Records for the task:
⟨

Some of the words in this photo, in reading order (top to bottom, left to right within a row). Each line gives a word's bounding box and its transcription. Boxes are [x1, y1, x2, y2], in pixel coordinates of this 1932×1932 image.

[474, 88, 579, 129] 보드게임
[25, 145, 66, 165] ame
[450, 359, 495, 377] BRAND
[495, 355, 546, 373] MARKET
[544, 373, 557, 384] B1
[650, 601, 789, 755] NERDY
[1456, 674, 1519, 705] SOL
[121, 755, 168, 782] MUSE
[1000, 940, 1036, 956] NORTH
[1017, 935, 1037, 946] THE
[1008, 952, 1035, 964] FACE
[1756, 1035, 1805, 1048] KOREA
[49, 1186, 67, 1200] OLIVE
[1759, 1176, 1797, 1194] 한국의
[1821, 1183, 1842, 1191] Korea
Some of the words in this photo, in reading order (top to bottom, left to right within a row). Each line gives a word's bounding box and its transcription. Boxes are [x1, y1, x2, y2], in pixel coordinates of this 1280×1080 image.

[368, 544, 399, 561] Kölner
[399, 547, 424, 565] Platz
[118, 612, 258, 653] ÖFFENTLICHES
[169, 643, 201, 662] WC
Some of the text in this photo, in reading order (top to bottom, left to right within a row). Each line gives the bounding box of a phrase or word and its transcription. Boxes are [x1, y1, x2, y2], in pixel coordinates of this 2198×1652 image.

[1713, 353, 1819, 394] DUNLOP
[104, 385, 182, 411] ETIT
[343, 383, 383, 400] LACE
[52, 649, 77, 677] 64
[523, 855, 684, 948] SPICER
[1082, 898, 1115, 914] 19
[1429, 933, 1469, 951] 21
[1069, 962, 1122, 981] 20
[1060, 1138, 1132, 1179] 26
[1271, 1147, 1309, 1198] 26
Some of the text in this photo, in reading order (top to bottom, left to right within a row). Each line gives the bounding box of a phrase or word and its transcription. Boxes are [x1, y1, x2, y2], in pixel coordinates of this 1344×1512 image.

⟩

Exercise objective:
When copying the data above, keep every line exactly as written.

Task output:
Some of the words in this photo, in reading order (top to bottom, left to right within a row). Each line gives a word's bounding box and its transcription. Boxes are [x1, y1, x2, y2], in pixel coordinates of this 1932×1932 image.

[474, 88, 579, 129] 보드게임
[25, 145, 66, 165] ame
[450, 359, 495, 377] BRAND
[495, 355, 546, 373] MARKET
[544, 373, 557, 384] B1
[650, 601, 789, 755] NERDY
[1456, 674, 1519, 705] SOL
[121, 755, 168, 782] MUSE
[1000, 940, 1036, 956] NORTH
[1017, 935, 1037, 946] THE
[1008, 952, 1035, 964] FACE
[1756, 1035, 1805, 1048] KOREA
[49, 1186, 67, 1200] OLIVE
[1759, 1176, 1797, 1194] 한국의
[1821, 1183, 1842, 1191] Korea
Some of the words in this photo, in reading order (top to bottom, left to right within a row). Each line gives a word's bounding box and its transcription. Boxes are [x1, y1, x2, y2], in pixel coordinates of this 1280×1080 image.

[368, 544, 399, 561] Kölner
[399, 547, 424, 565] Platz
[118, 612, 258, 653] ÖFFENTLICHES
[169, 643, 201, 662] WC
Some of the text in this photo, in reading order (top to bottom, left to right within a row). Each line gives the bounding box of a phrase or word and its transcription. Boxes are [x1, y1, x2, y2], in pixel coordinates of this 2198×1652 image.

[1713, 353, 1819, 394] DUNLOP
[104, 385, 182, 411] ETIT
[343, 383, 383, 400] LACE
[52, 649, 77, 677] 64
[523, 855, 684, 948] SPICER
[1082, 898, 1115, 914] 19
[1429, 933, 1469, 951] 21
[1069, 962, 1122, 981] 20
[1060, 1138, 1132, 1179] 26
[1271, 1147, 1309, 1198] 26
Some of the text in this photo, in reading order (top to bottom, left to right within a row). Each line gives the bounding box of a phrase or word and its transcription. Boxes are [x1, y1, x2, y2], in pixel coordinates of this 1344×1512 image.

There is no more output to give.